● Task to complete:
The records below are to be written out exactly, with every picture omitted.

Text-to-region grounding data
------
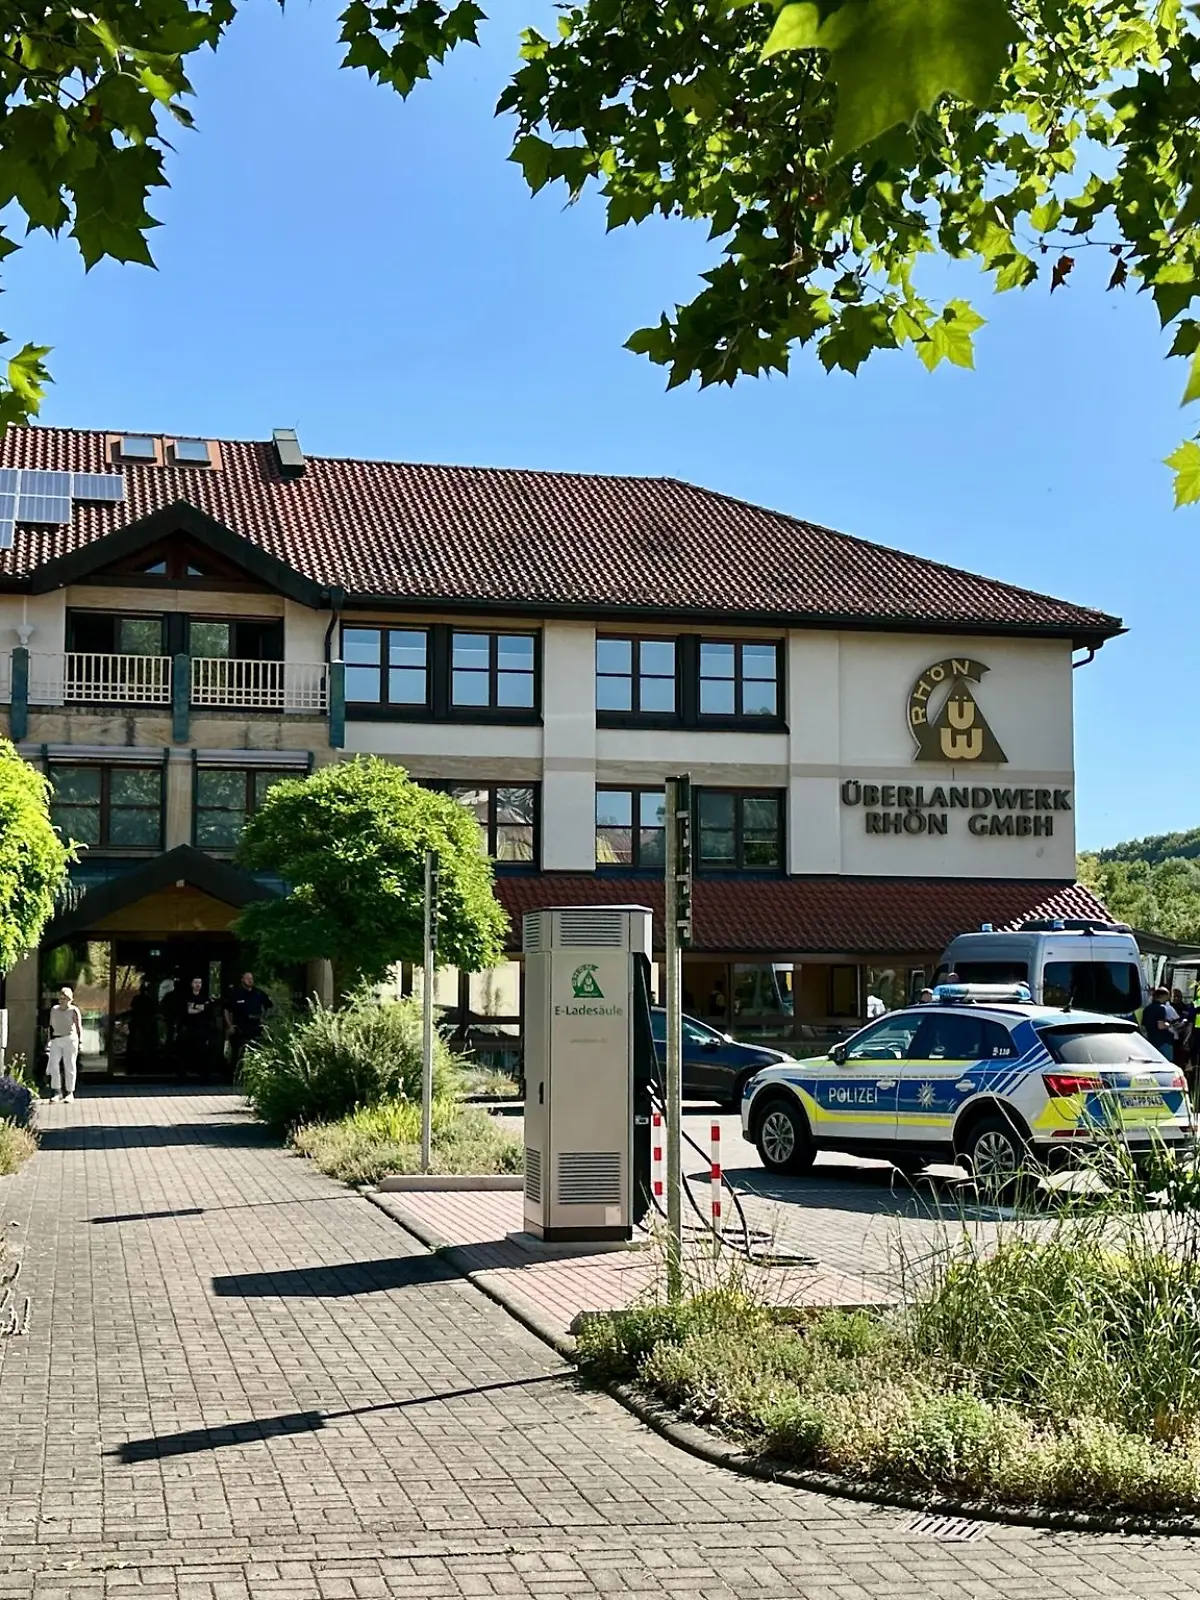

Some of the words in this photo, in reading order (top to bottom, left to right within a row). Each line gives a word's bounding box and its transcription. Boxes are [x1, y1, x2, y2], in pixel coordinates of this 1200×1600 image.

[911, 659, 969, 725] RHÖN
[841, 779, 1072, 810] ÜBERLANDWERK
[865, 808, 948, 835] RHÖN
[967, 813, 1054, 837] GMBH
[554, 1004, 624, 1016] E-Ladesäule
[828, 1087, 878, 1103] POLIZEI
------
● Final answer:
Some of the words in this photo, in reading order (top to bottom, left to right within a row). Each line gives a word's bounding box and its transcription. Boxes are [x1, y1, x2, y2], in pixel coordinates of this 1200×1600 image.

[911, 659, 969, 725] RHÖN
[841, 779, 1072, 810] ÜBERLANDWERK
[865, 808, 948, 835] RHÖN
[967, 813, 1054, 837] GMBH
[554, 1004, 624, 1016] E-Ladesäule
[828, 1087, 878, 1103] POLIZEI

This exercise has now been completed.